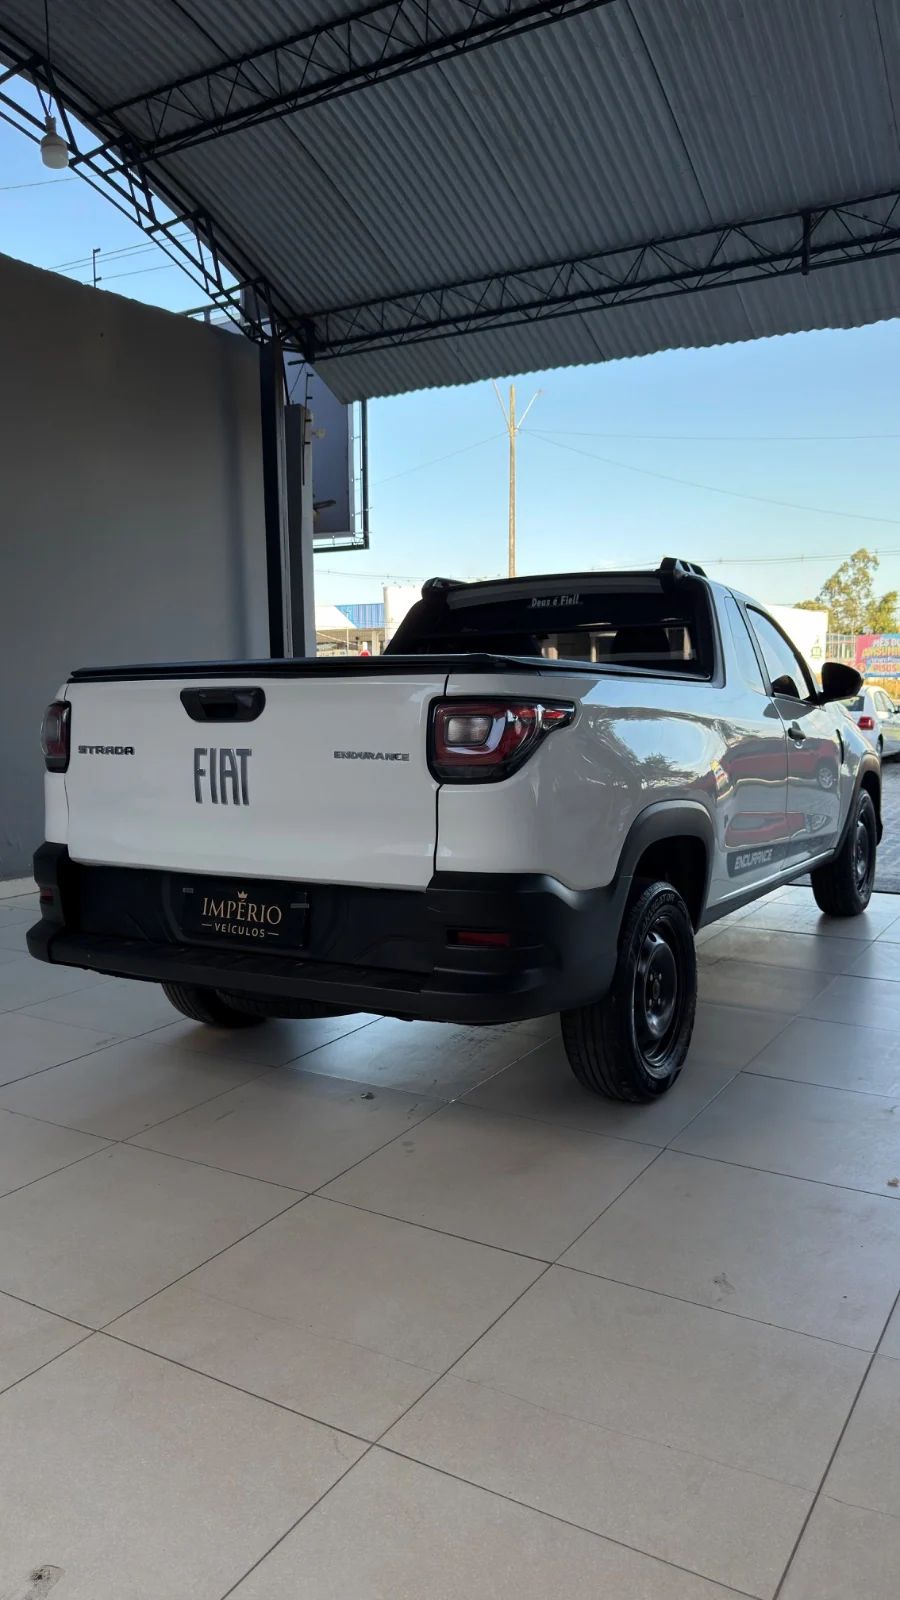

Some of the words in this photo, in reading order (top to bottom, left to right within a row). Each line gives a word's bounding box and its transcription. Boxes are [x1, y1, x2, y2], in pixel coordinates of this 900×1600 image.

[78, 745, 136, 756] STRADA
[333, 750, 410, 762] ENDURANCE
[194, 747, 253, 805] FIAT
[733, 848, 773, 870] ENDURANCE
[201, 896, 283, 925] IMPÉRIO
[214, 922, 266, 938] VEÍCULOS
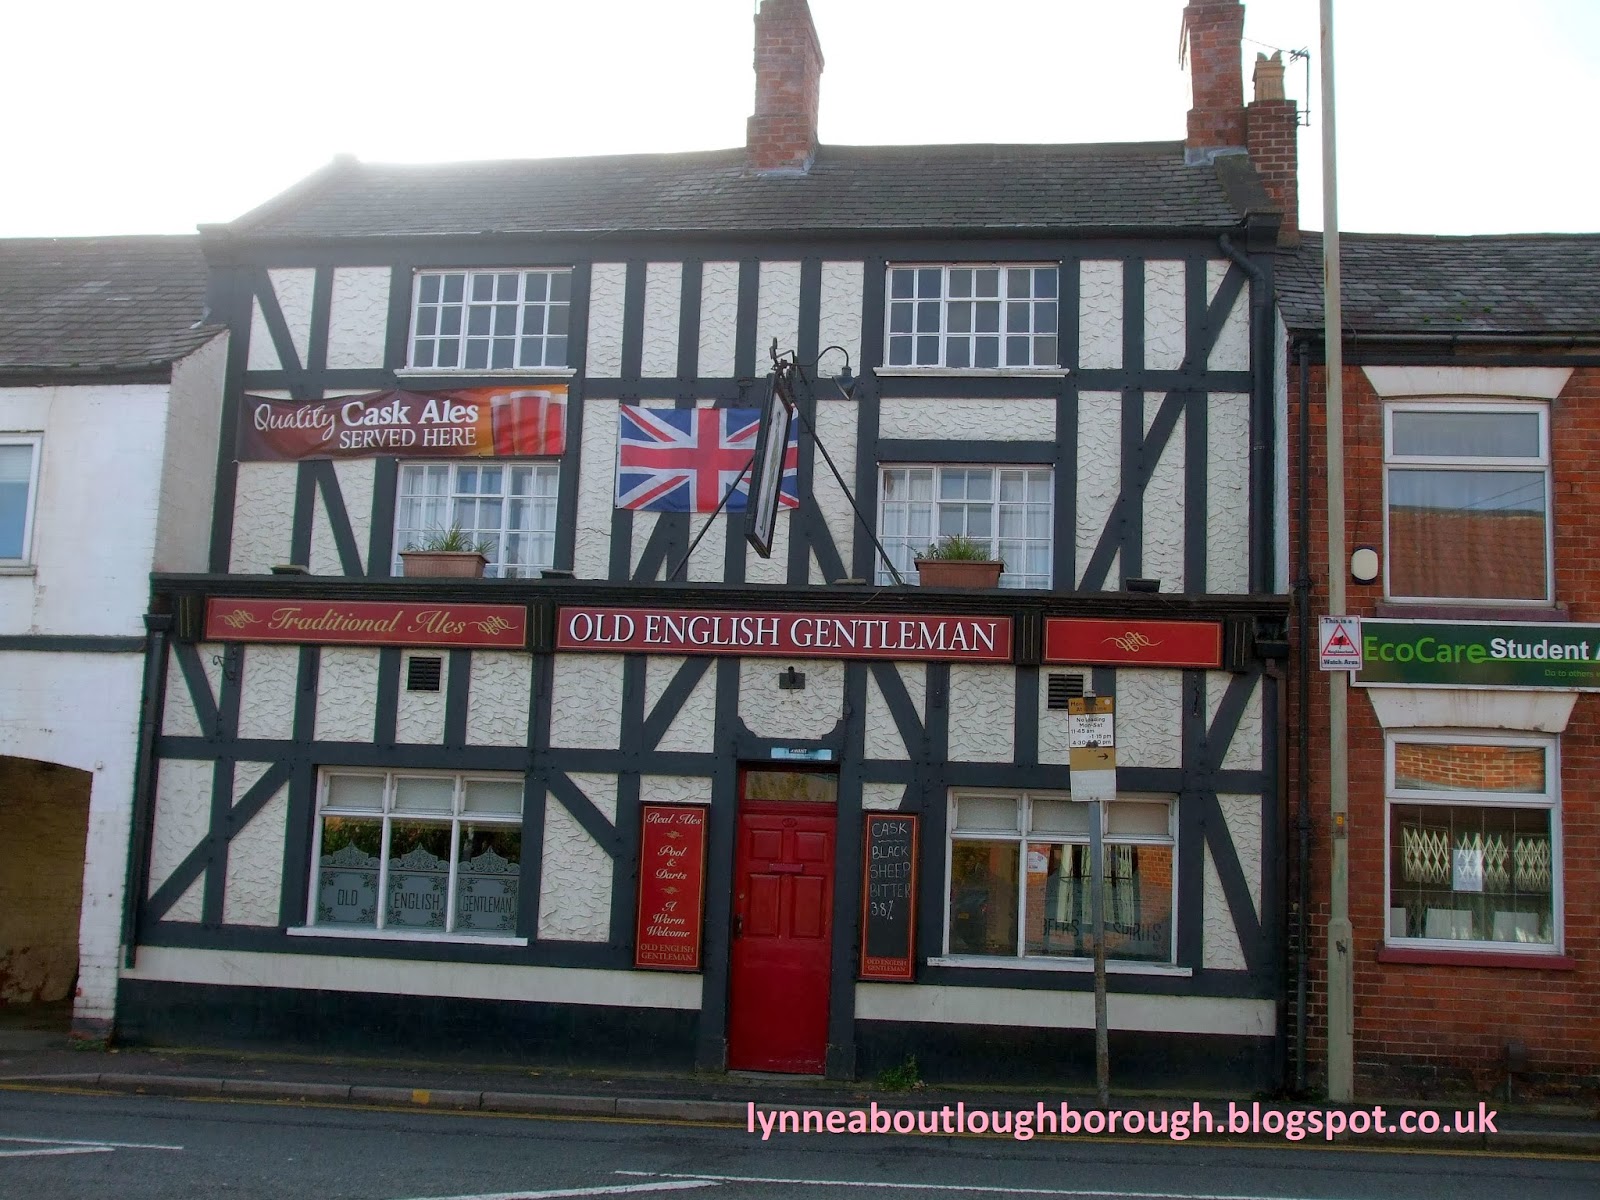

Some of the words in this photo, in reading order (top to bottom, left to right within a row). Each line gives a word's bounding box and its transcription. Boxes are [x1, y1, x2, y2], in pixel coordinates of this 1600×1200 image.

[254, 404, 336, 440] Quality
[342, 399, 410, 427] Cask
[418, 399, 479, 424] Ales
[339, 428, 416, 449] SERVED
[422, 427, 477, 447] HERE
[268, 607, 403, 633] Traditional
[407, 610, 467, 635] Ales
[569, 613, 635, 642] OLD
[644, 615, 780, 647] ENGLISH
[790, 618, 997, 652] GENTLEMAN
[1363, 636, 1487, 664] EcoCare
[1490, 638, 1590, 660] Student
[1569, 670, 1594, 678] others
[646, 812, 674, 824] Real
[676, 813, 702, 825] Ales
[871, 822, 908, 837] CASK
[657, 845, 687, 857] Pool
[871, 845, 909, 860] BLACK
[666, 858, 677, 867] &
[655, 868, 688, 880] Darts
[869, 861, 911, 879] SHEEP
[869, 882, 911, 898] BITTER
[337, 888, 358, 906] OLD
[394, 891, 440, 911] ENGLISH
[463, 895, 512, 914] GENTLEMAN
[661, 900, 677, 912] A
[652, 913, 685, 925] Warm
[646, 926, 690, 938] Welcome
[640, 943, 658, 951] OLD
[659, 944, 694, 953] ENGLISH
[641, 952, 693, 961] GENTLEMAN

WORK TO BE COMPLETED.
The answer is the full listing above, reproduced character for character, minus its images.

RESULT FOR THIS TASK.
Some of the words in this photo, in reading order (top to bottom, left to right within a row). Each line gives a word's bounding box and its transcription. Boxes are [x1, y1, x2, y2], in pixel coordinates of this 900×1600 image.

[78, 745, 136, 756] STRADA
[333, 750, 410, 762] ENDURANCE
[194, 747, 253, 805] FIAT
[733, 848, 773, 870] ENDURANCE
[201, 896, 283, 925] IMPÉRIO
[214, 922, 266, 938] VEÍCULOS

Some of the words in this photo, in reading order (top to bottom, left to right within a row). Each line gives a word's bounding box and its transcription. Boxes are [x1, y1, x2, y2], in pixel coordinates of this 1600×1200 image.

[254, 404, 336, 440] Quality
[342, 399, 410, 427] Cask
[418, 399, 479, 424] Ales
[339, 428, 416, 449] SERVED
[422, 427, 477, 447] HERE
[268, 607, 403, 633] Traditional
[407, 610, 467, 635] Ales
[569, 613, 635, 642] OLD
[644, 615, 780, 647] ENGLISH
[790, 618, 997, 652] GENTLEMAN
[1363, 636, 1487, 664] EcoCare
[1490, 638, 1590, 660] Student
[1569, 670, 1594, 678] others
[646, 812, 674, 824] Real
[676, 813, 702, 825] Ales
[871, 822, 908, 837] CASK
[657, 845, 687, 857] Pool
[871, 845, 909, 860] BLACK
[666, 858, 677, 867] &
[655, 868, 688, 880] Darts
[869, 861, 911, 879] SHEEP
[869, 882, 911, 898] BITTER
[337, 888, 358, 906] OLD
[394, 891, 440, 911] ENGLISH
[463, 895, 512, 914] GENTLEMAN
[661, 900, 677, 912] A
[652, 913, 685, 925] Warm
[646, 926, 690, 938] Welcome
[640, 943, 658, 951] OLD
[659, 944, 694, 953] ENGLISH
[641, 952, 693, 961] GENTLEMAN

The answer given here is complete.